● **Exercise data**:
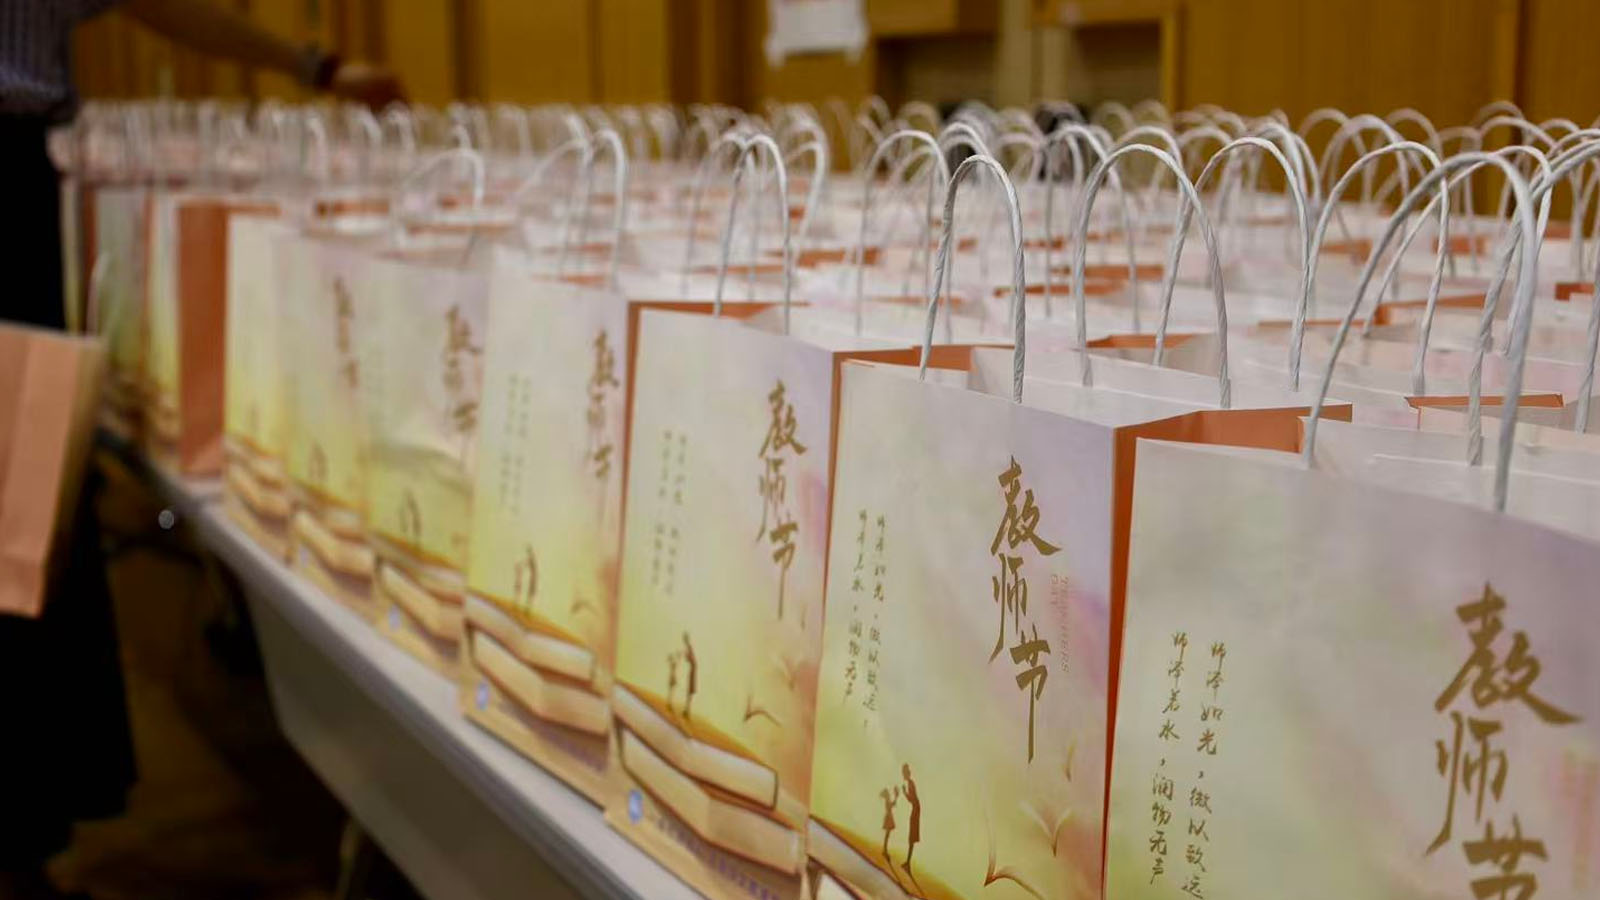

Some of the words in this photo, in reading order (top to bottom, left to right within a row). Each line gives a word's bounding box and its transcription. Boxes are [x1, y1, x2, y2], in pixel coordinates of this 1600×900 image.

[756, 379, 807, 621] 教师节
[987, 455, 1062, 764] 教师节
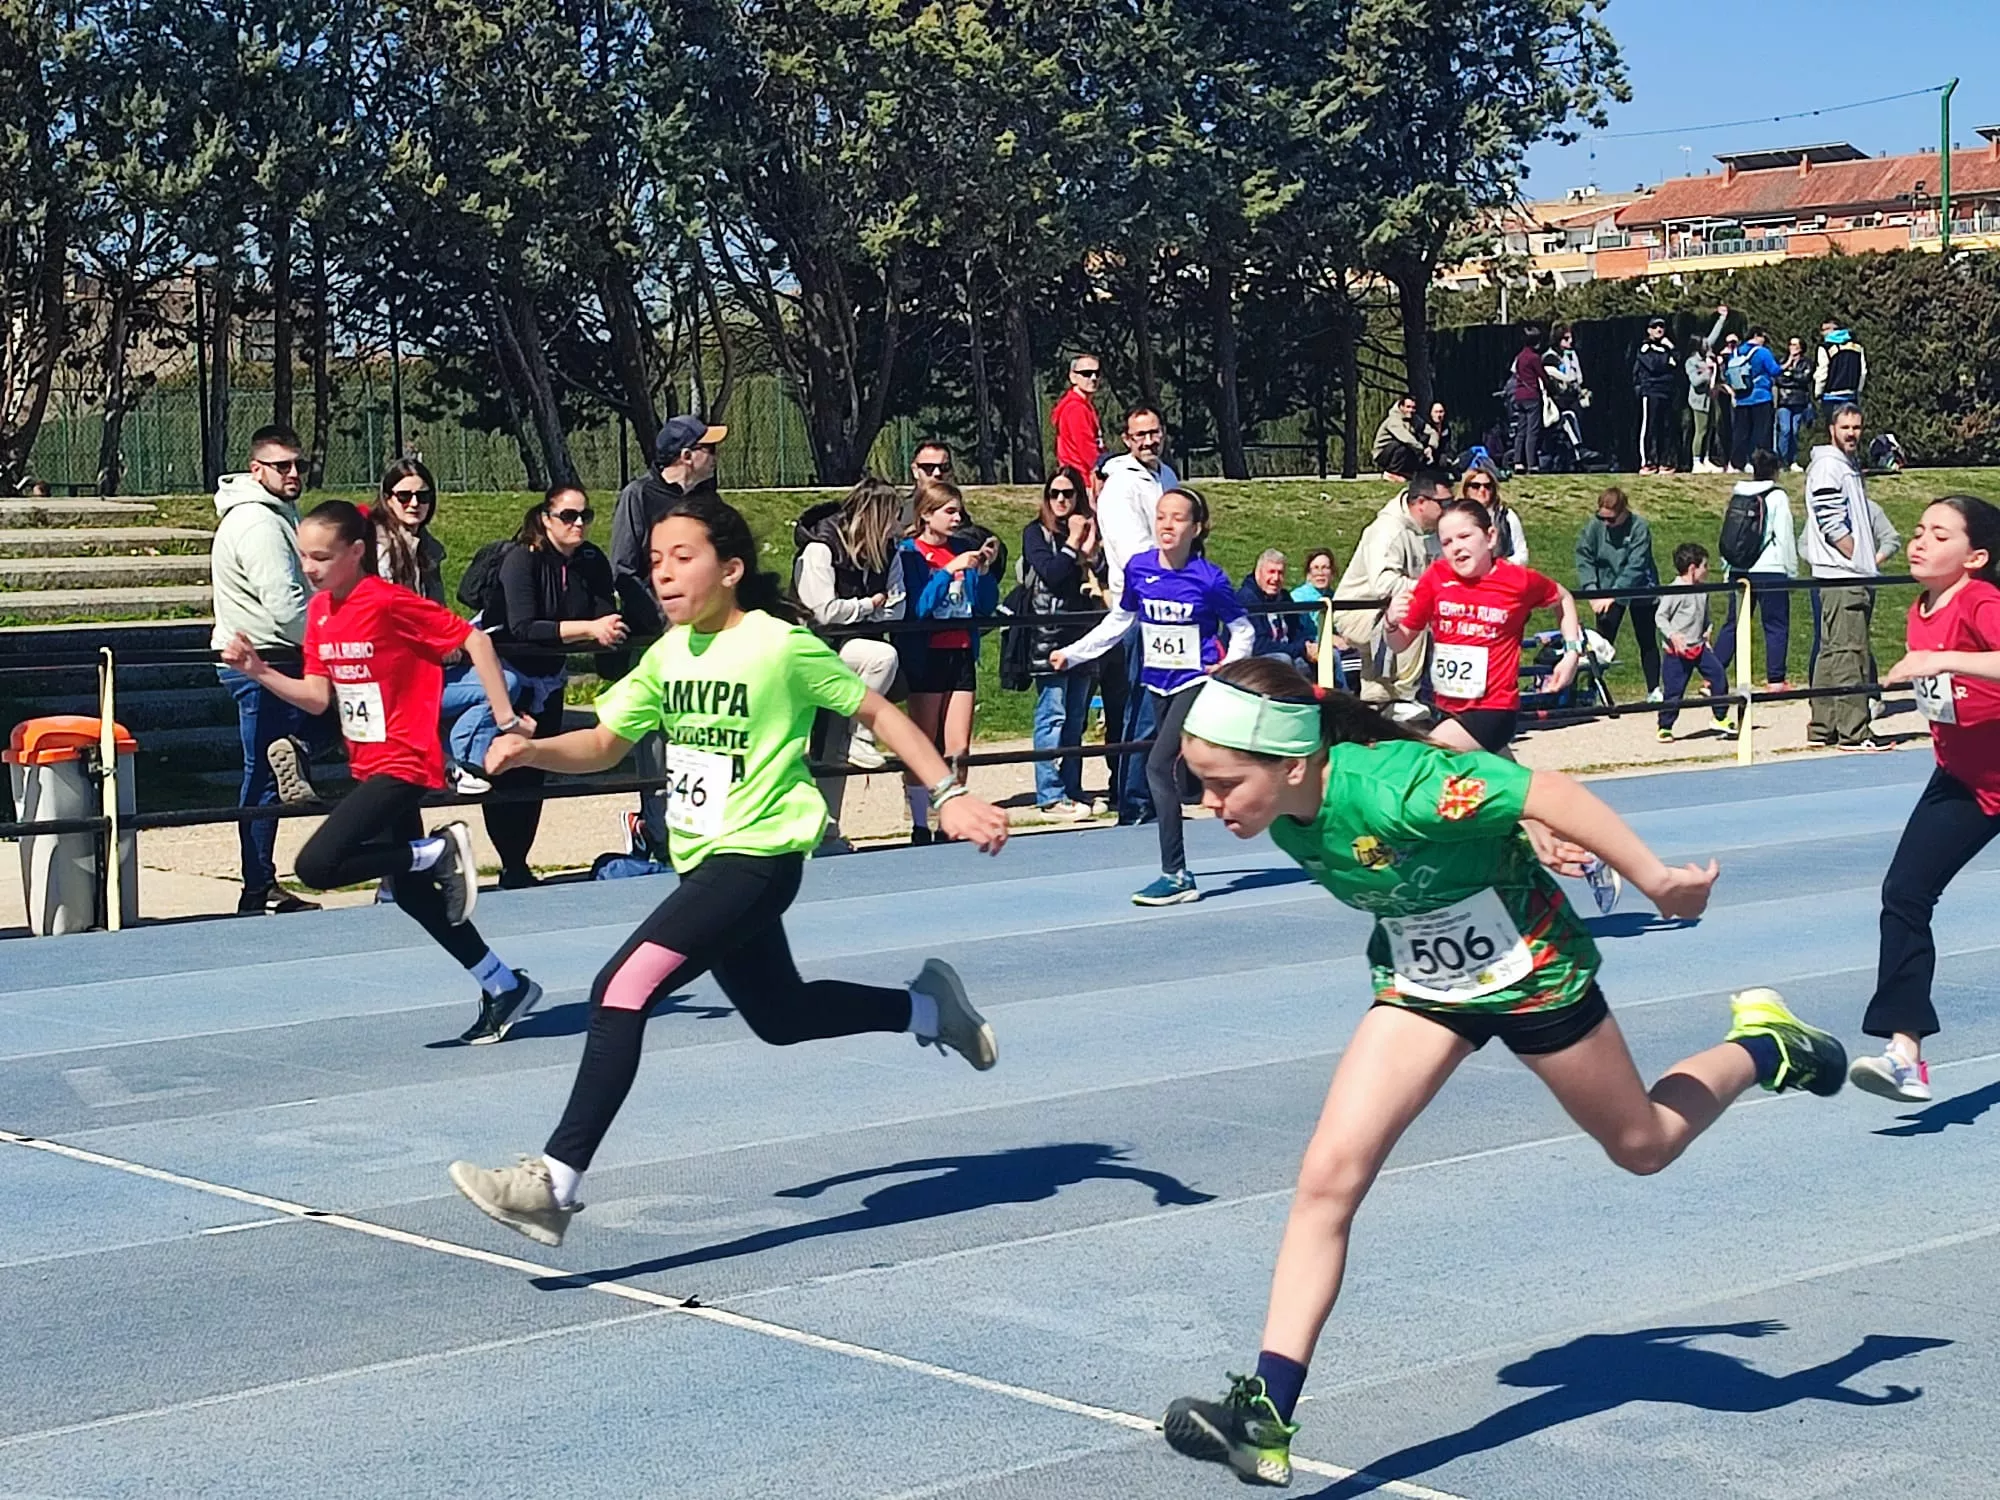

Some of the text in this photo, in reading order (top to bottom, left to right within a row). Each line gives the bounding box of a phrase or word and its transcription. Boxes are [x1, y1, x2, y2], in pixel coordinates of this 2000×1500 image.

[1152, 636, 1185, 655] 461
[1436, 658, 1473, 680] 592
[662, 680, 750, 718] AMYPA
[1410, 925, 1495, 975] 506

● **What is expected**: Transcribe all the data word for word; the images stay out.

● **Written reply**:
Some of the words in this photo, in reading order (top to bottom, left to right within a row). Each line gives a word's bounding box and its transcription. Boxes are [x1, y1, x2, y2], in pixel coordinates of this 1600×900 image.

[756, 379, 807, 621] 教师节
[987, 455, 1062, 764] 教师节

Some of the text in this photo, in reading order (top to bottom, left to right within a row). Each line gives the bounding box of a phrase or word and its transcription. Boxes are [x1, y1, x2, y2], in pixel coordinates of this 2000×1500 image.

[1152, 636, 1185, 655] 461
[1436, 658, 1473, 680] 592
[662, 680, 750, 718] AMYPA
[1410, 925, 1495, 975] 506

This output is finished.